*** Data for this exercise
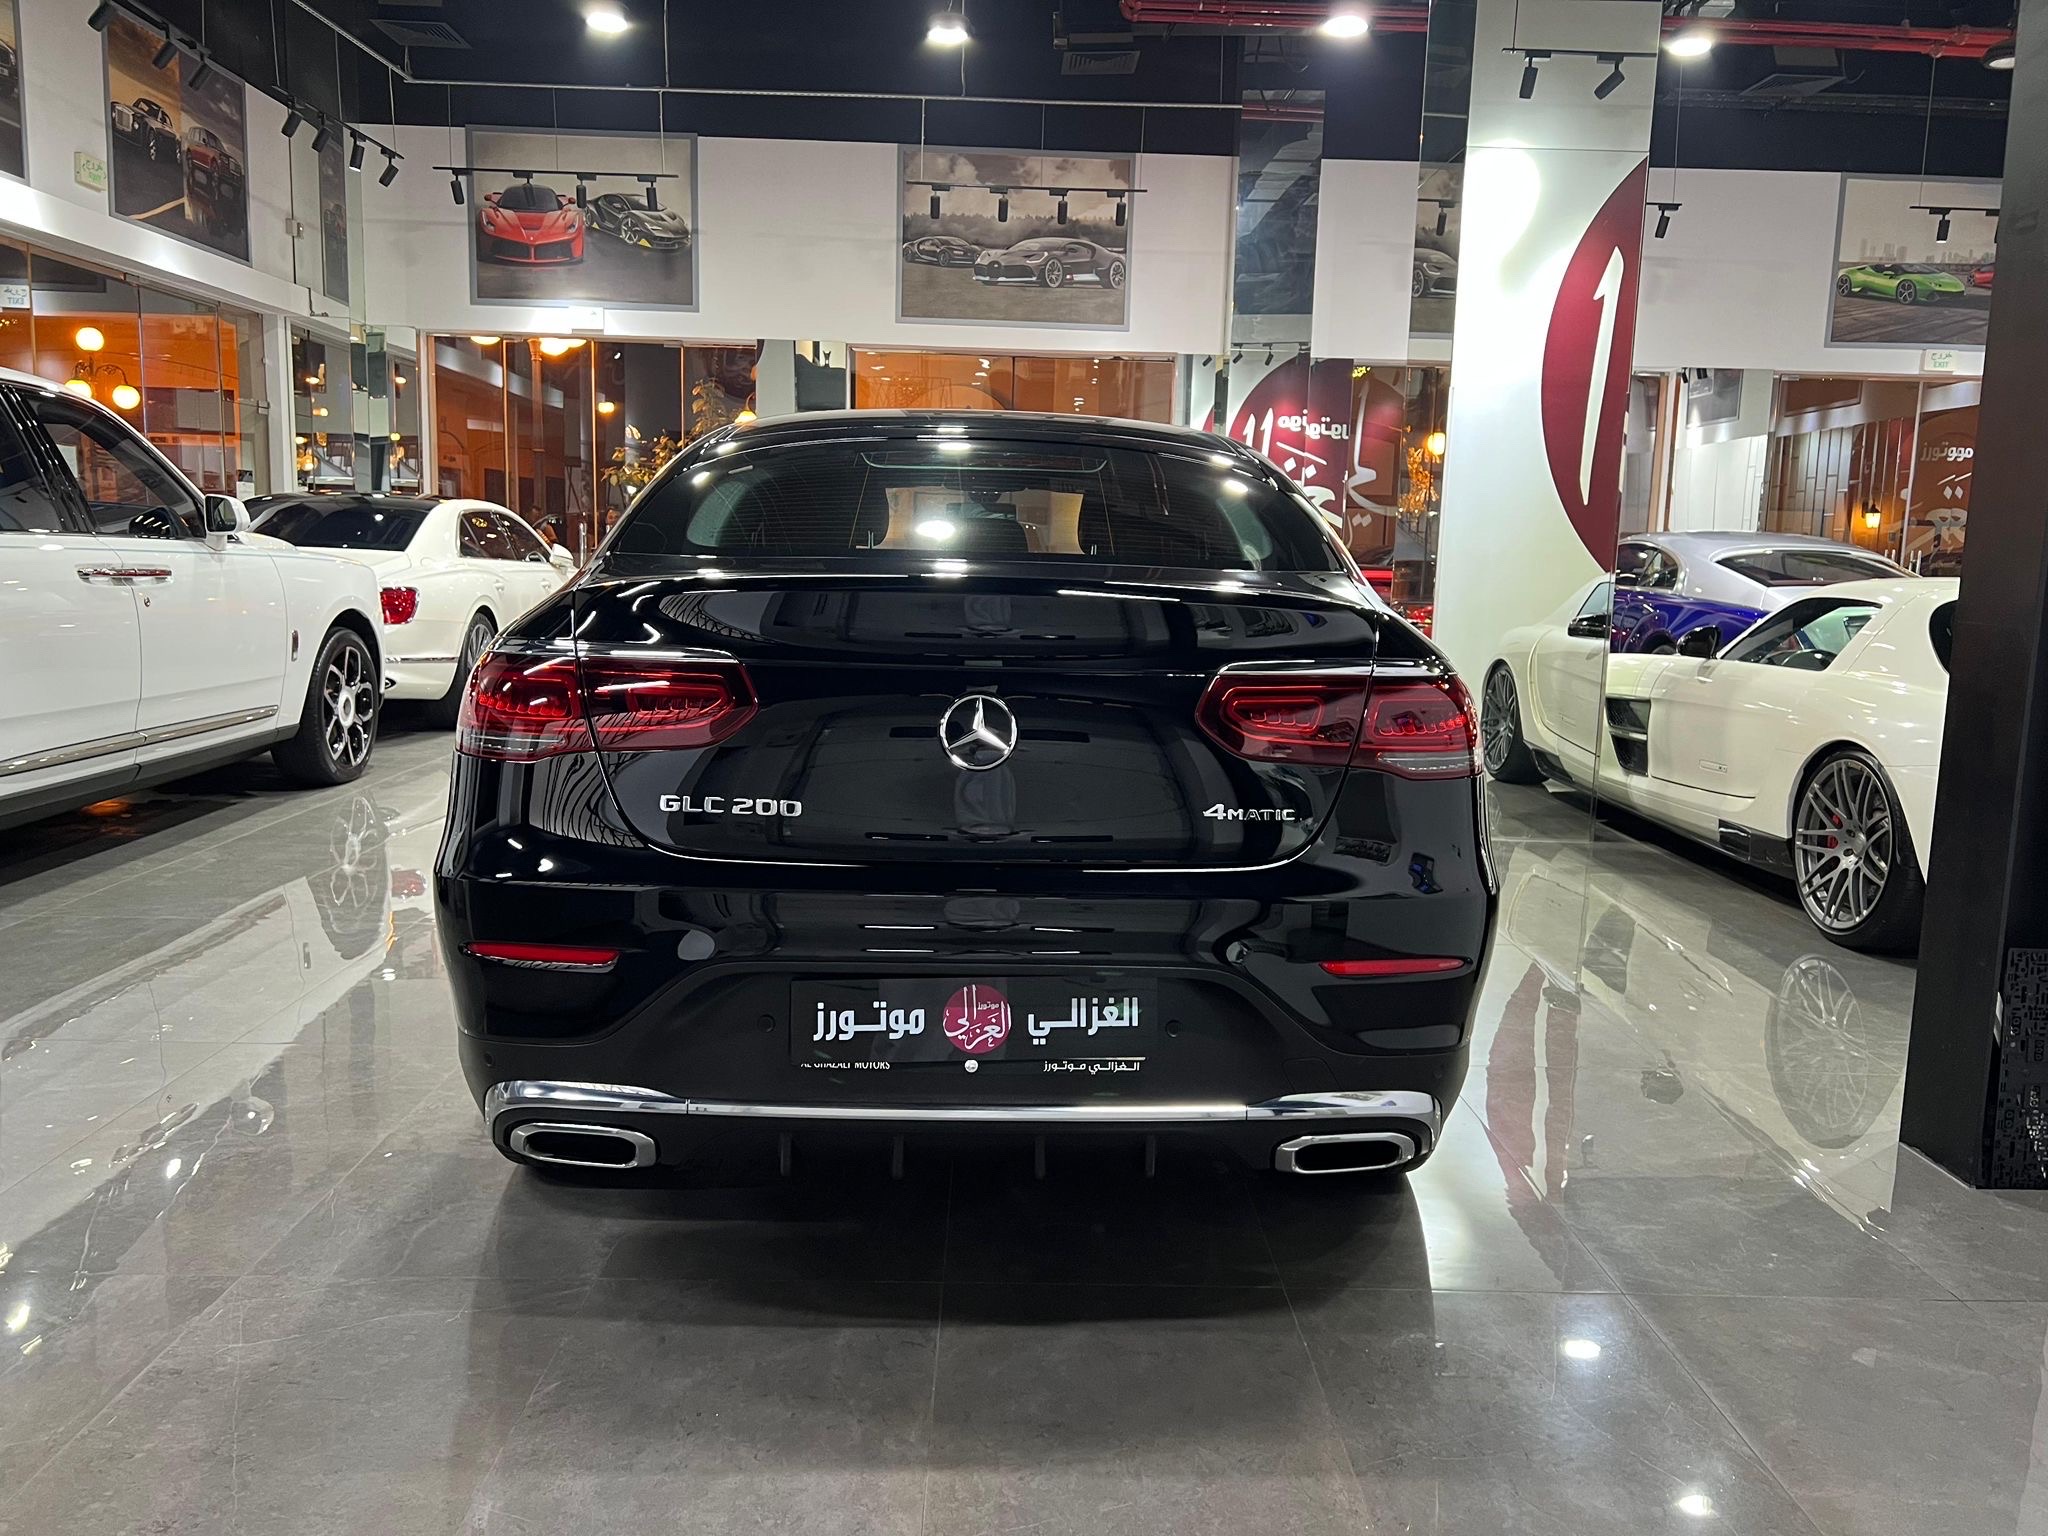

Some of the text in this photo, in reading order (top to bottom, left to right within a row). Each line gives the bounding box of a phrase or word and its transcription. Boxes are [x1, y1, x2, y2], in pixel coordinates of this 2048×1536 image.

[659, 794, 802, 817] GLC 200
[1202, 803, 1296, 821] 4MATIC
[813, 996, 1139, 1046] الغزالي موتورز
[1043, 1060, 1140, 1075] الغزالي موتورز
******
# Task details
With the images excluded, output every record verbatim.

# Written response
Some of the text in this photo, in reading order (top to bottom, left to right within a row). Each line gives the bounding box of a phrase or word and its transcription. Boxes are [x1, y1, x2, y2], in pixel coordinates of this 2048×1536 image.

[659, 794, 802, 817] GLC 200
[1202, 803, 1296, 821] 4MATIC
[813, 996, 1139, 1046] الغزالي موتورز
[1043, 1060, 1140, 1075] الغزالي موتورز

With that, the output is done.